*Problem:*
Reproduce the records below exactly, leaving out any pictures.

*Records supplied:*
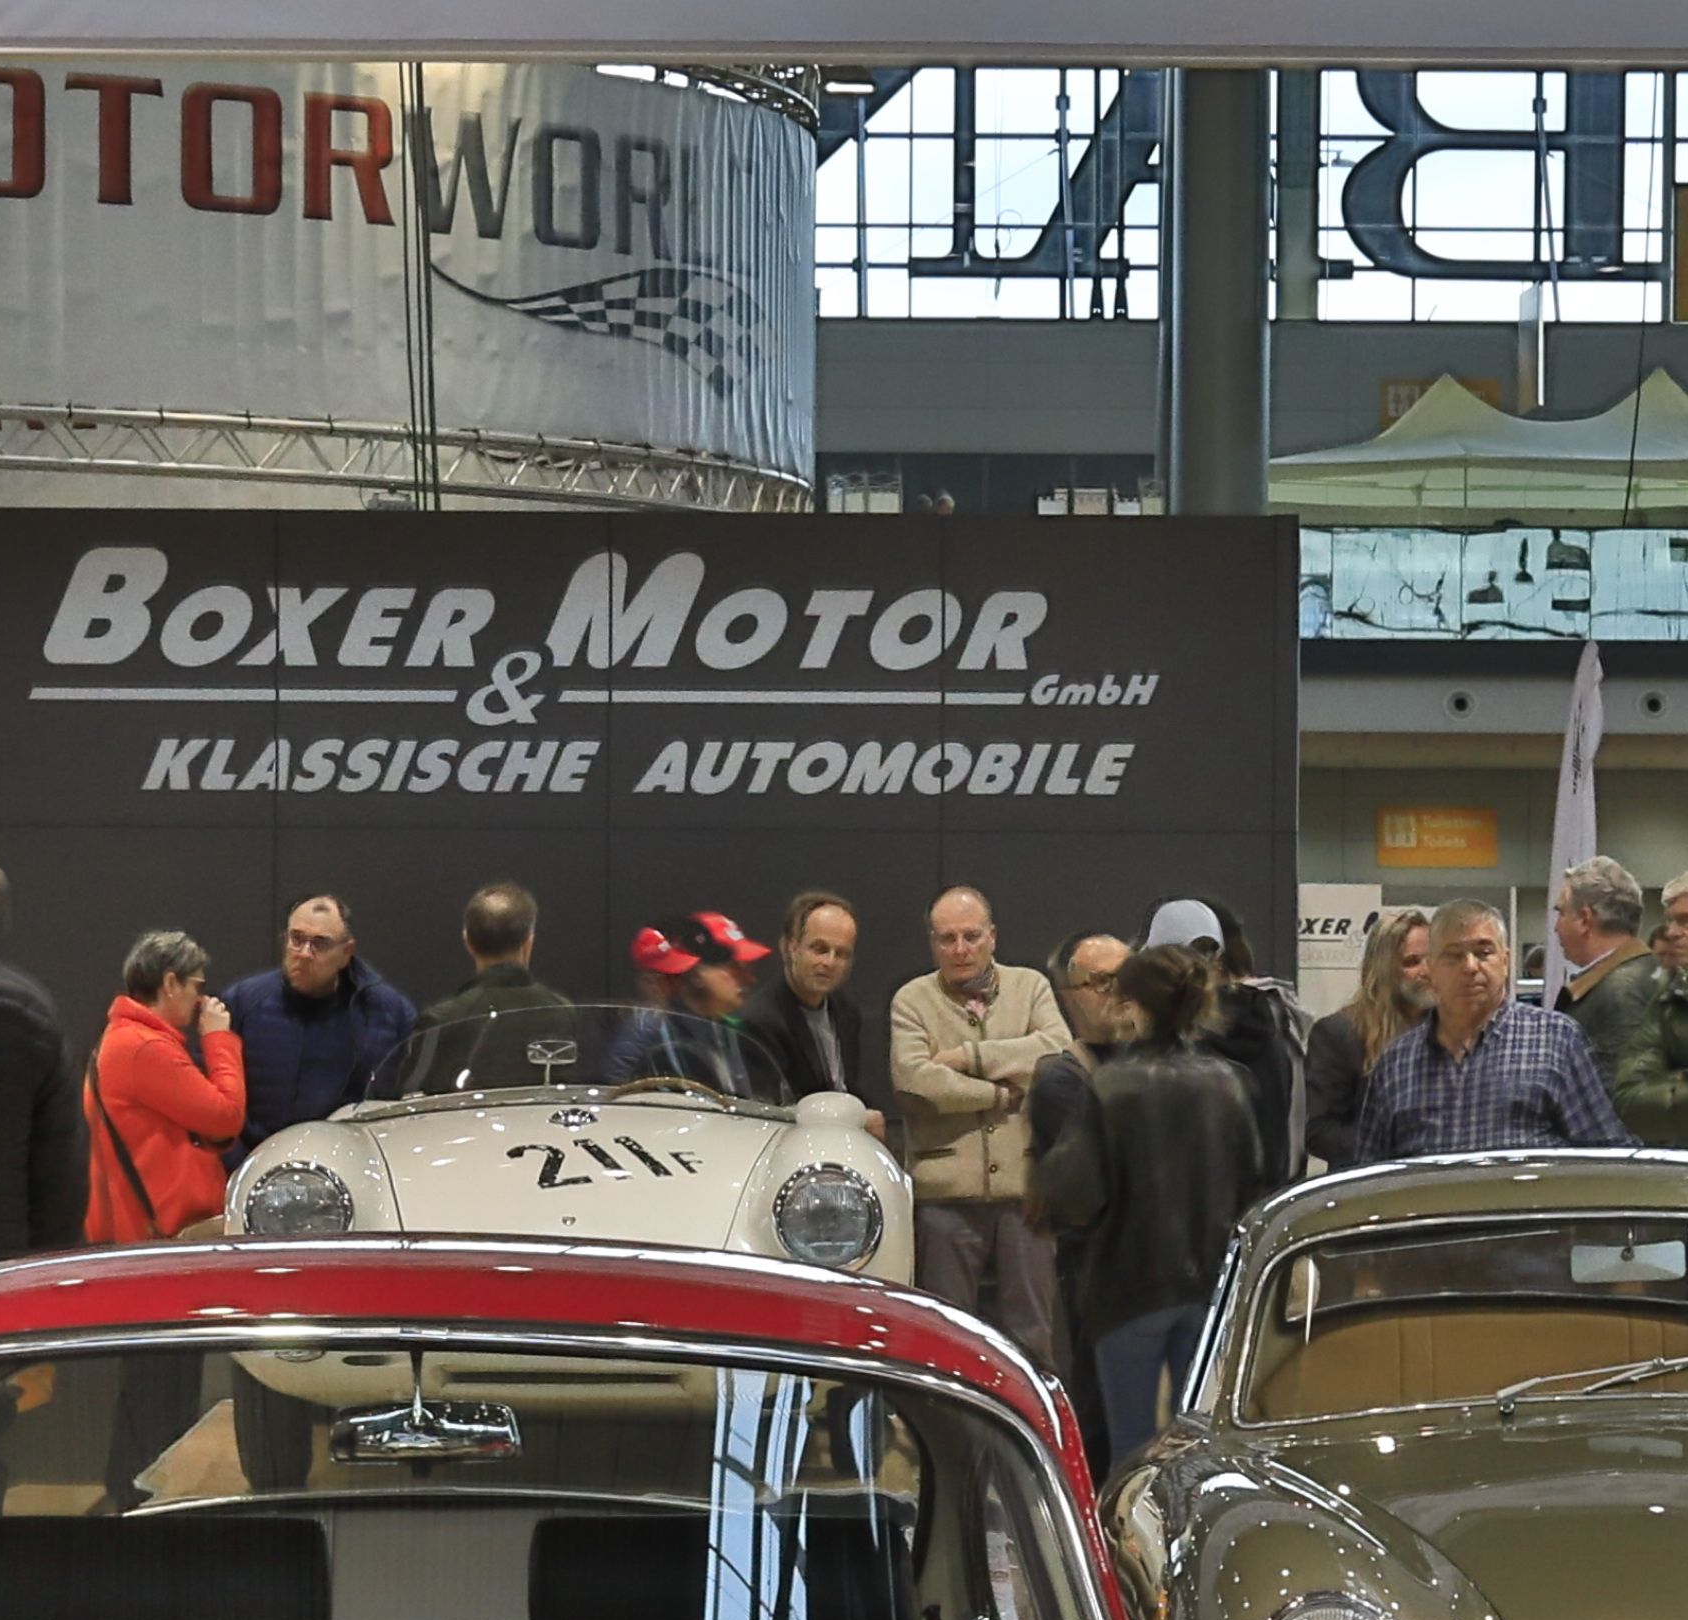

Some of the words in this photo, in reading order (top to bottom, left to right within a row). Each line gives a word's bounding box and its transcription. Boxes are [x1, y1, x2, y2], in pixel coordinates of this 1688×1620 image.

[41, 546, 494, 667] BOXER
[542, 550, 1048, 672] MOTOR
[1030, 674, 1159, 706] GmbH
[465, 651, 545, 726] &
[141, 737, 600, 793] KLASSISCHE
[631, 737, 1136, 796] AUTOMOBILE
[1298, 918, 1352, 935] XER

*Result of the task:*
Some of the words in this photo, in reading order (top to bottom, left to right within a row). Each line gives a word's bounding box and its transcription. Boxes are [x1, y1, x2, y2], in pixel coordinates of this 1688×1620 image.

[41, 546, 494, 667] BOXER
[542, 550, 1048, 672] MOTOR
[1030, 674, 1159, 706] GmbH
[465, 651, 545, 726] &
[141, 737, 600, 793] KLASSISCHE
[631, 737, 1136, 796] AUTOMOBILE
[1298, 918, 1352, 935] XER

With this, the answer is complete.